Махнул рукой и вышел из палаты.

— Вспыхнул, как сухая солома, — покачал головой Алексей Павлович. — Видите, какая история: жена Москалюка бросила его и уехала неведомо куда. Вот и Володя тоже нервничает. Слышали? «Плюнет она на меня…» Невдомек ему, что у каждого свое. Москалюк, верно, и сам виноват. Пьет, чертова душа. И характер не ангельский. А Володя… Сердце у меня за него болит. Может, его отец пал на Дону, когда вместе бежали в атаку? Выходит, этот Володька мне не чужой, должен ему плечо подставить. Должен.

Все нравится мне в этом крепко сшитом дяде. Солдат и лесоруб, плотник, а ныне маляр — из тех, кто все умеют. Но он умеет и то, что несравненно сложнее любой работы, — держаться с достоинством. Его душевной щедрости на всех хватает. Одному доброе слово, другому — резкий упрек, а третьему — крепкое рукопожатие и теплая ладонь на плечо. В столовой он сидит у стола, словно отец в кругу семьи. Идет общий разговор, иногда слышен веселый смех. Жаль, что мне не пришлось сидеть рядом с ним.

— А что это вы все поминаете автобиографию, — спрашиваю у него. — Ведь она у каждого есть…

— Эге, не дай боже, чтоб у каждого… — улыбается Алексей Павлович. — Долгий разговор. В другой раз…
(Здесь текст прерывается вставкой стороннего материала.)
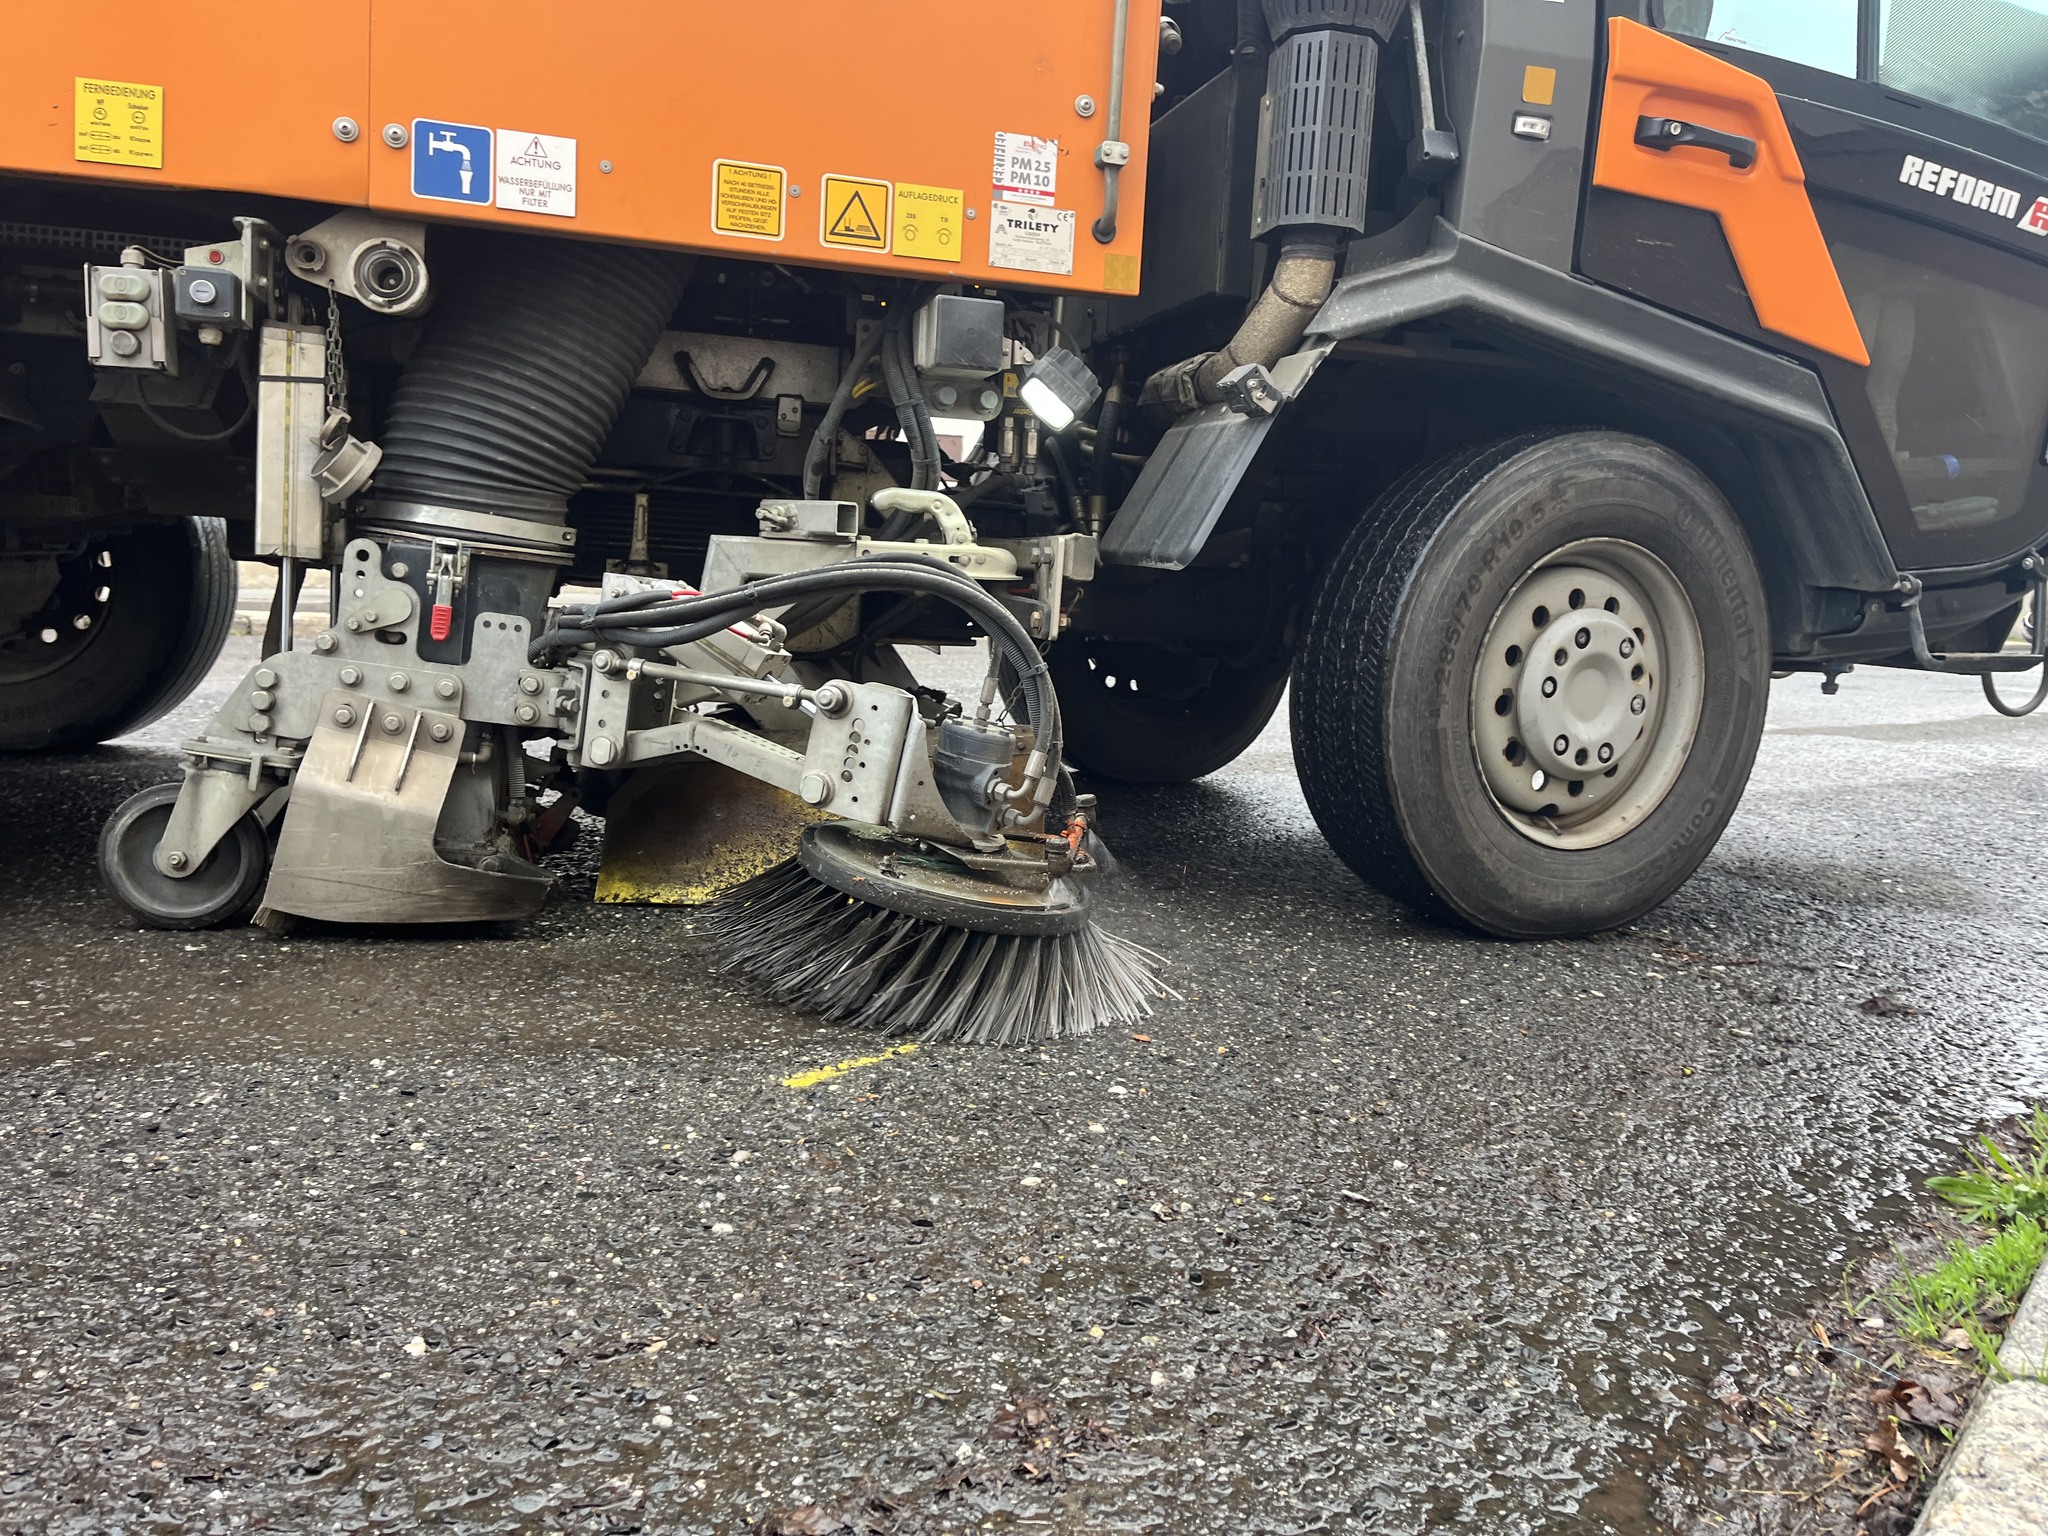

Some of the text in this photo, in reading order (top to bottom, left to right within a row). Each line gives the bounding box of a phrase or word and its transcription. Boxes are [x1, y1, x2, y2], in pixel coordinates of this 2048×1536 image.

На аллее меня догоняет Володя и безо всякого вступления сыплет хриплой скороговоркой:

— Легко говорить… Легко говорить — верь! А я не верю. В детдоме нас приучали молчать. Я ничего не забыл. Мне было одиннадцать, ну, может быть, двенадцать, когда мы с Васькой стащили две лишние порции хлеба. Голодные! И вот стоим — целый детдом — в три шеренги, а перед нами двое пацанов ревут — это те, которым не хватило хлеба. Мы с Васькой сожрали. Директор дома — вы только б слышали этот ангельский, со слезой голос. Через минуту этот голос уже бил меня в грудь гневом и яростью. «Это преступление, — вопил он, — это нож в спину товарищу… Смотрите на этих двух голодных деток! Кто из вас взял их кусочки хлеба, кто? Воры! Злодеи!» Я слушал этот гром, и мне казалось: вот-вот расступится земля и я провалюсь в бездну. Шепчу Ваське: «Признаемся…» А он белый, трясется — нет, нет! Тогда выхожу из шеренги: это я! Стою, ничего не вижу, а все же разглядел и жалость, и злобу в глазах пацанов, оставшихся без хлеба. А директор говорит и говорит — гром над головой. Потом карцер — закоулок, лежу на грязных мешках и плачу. И не хочется жить, и клянусь перед всем светом, что целый месяц ничего не стану есть и буду отдавать свою пайку этим мальчишкам, у которых я — ворюга, жадина — украл два ломтика черного хлеба. А на следующий вечер, на следующий вечер… — на запавших щеках Володи лихорадочно-красные пятна; хочу сказать ему несколько успокаивающих слов, но он нервно машет рукой — молчите! — А на следующий вечер вижу, как он, директор, у нас в столовой, озираясь, кладет в портфель целую буханку и кусок сала. Семенит к двери и все озирается, озирается… А по двору уже пошел важно, неторопливо. Лицо снова светилось педагогической благодатью и заботой о наших чистых детских душах… Бегу к нему, подставляю ногу — директор летит в одну сторону, портфель в другую, хлеб и сало катятся в третью. Швыряю это добро пацанам, которые гоняют мяч — вот вам премия за гол! И через забор, и «зайцем» на автобус, и путешествие в холодном тамбуре… Так меня учили верить словам…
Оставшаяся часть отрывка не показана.